▶ **Work order**
Set down the whole listing below exactly, without pictures.
--------
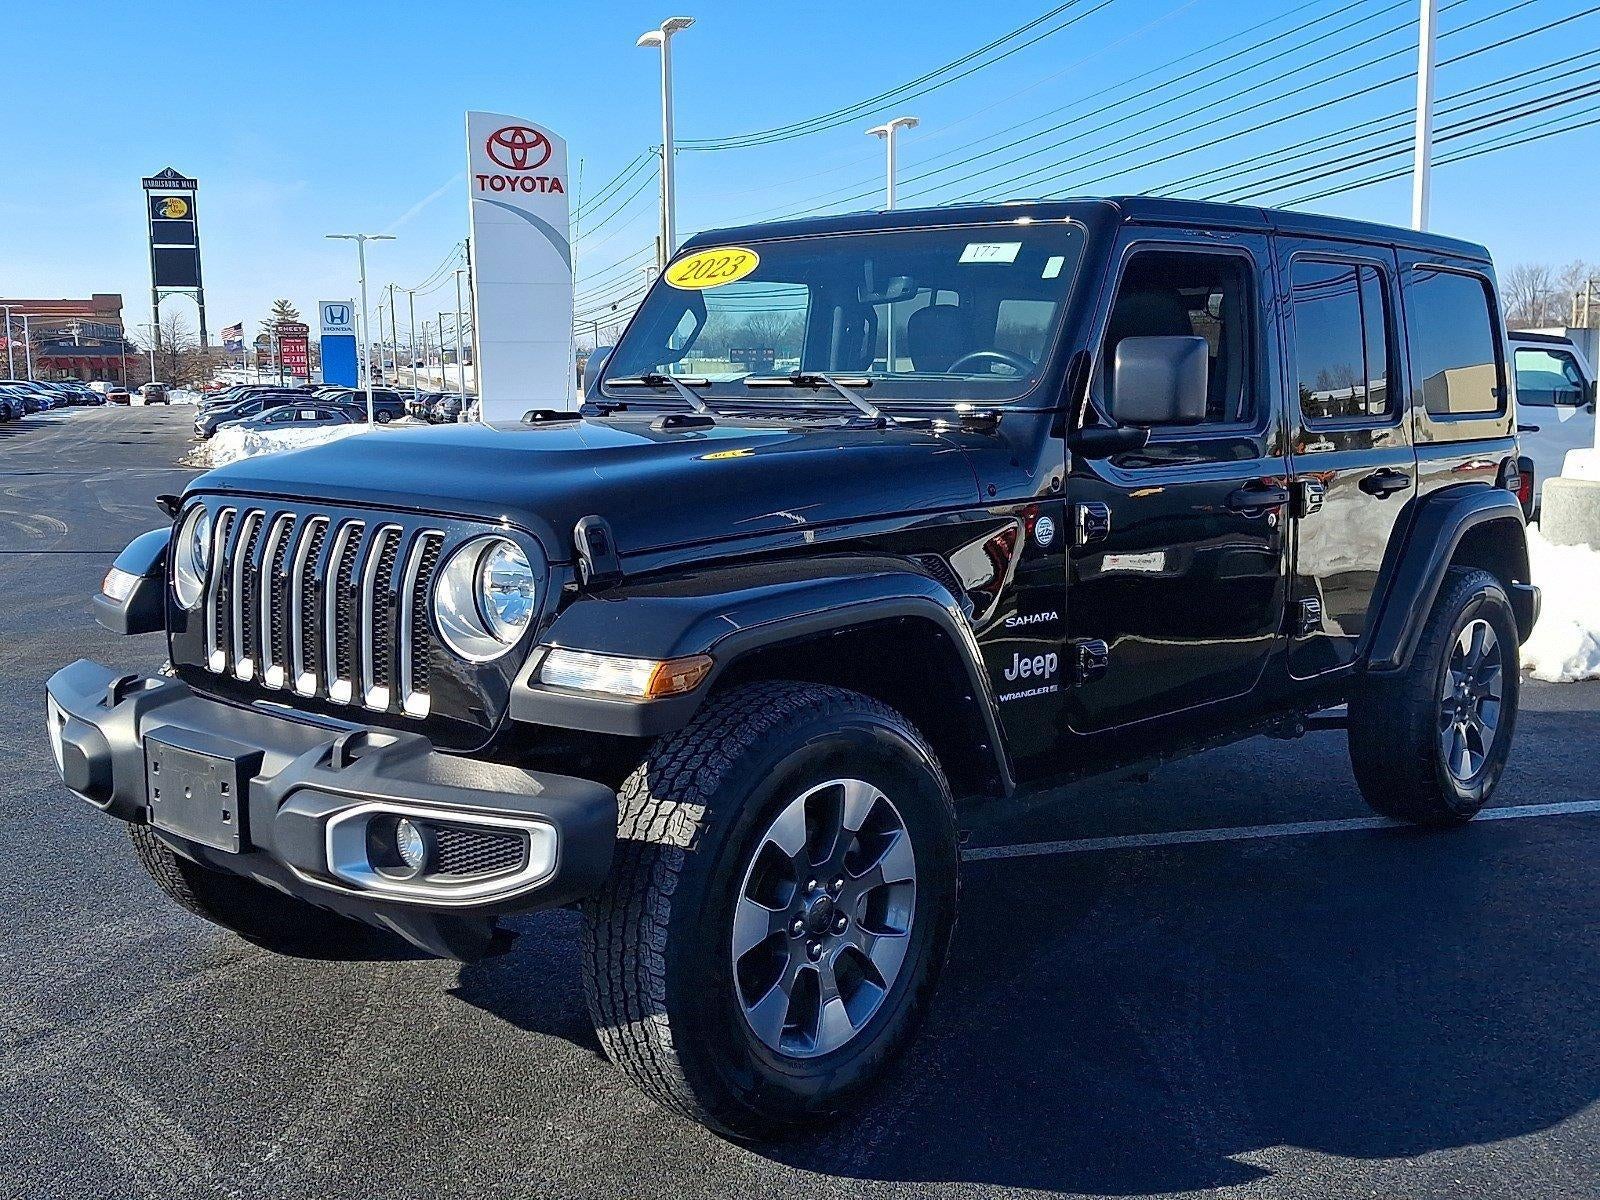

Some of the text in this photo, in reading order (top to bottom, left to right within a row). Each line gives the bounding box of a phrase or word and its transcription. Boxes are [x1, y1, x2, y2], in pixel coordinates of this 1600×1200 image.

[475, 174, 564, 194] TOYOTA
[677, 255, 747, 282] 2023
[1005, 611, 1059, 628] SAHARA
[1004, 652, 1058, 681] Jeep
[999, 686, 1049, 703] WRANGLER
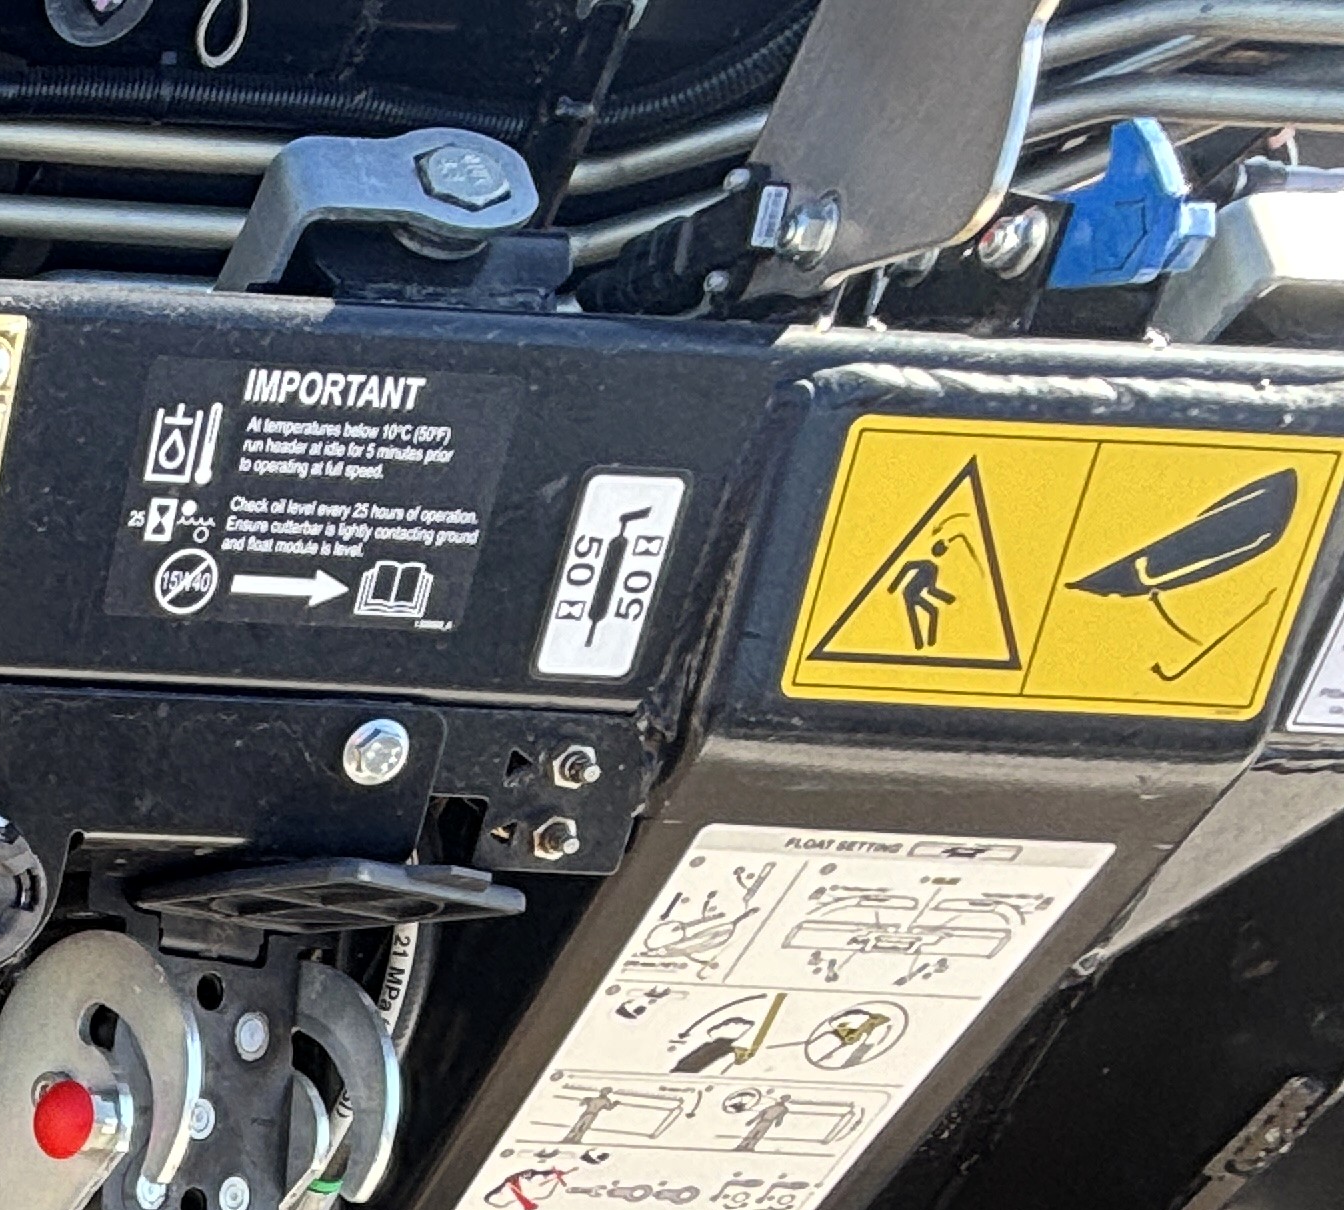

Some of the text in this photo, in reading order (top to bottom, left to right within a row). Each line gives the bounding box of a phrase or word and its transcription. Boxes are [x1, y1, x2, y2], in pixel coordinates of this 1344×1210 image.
--------
▶ **Result for this task**
Some of the text in this photo, in reading order (top to bottom, left to right within a row). Each line gives the bounding box of a phrase or word and its transcription. Boxes are [x1, y1, x2, y2], in pixel coordinates of this 1600×1200 image.

[475, 174, 564, 194] TOYOTA
[677, 255, 747, 282] 2023
[1005, 611, 1059, 628] SAHARA
[1004, 652, 1058, 681] Jeep
[999, 686, 1049, 703] WRANGLER

Some of the text in this photo, in reading order (top to bottom, left to right within a row). Each line gives the bounding box of a phrase or word and its transcription. Boxes are [x1, y1, x2, y2], in pixel coordinates of this 1344×1210 image.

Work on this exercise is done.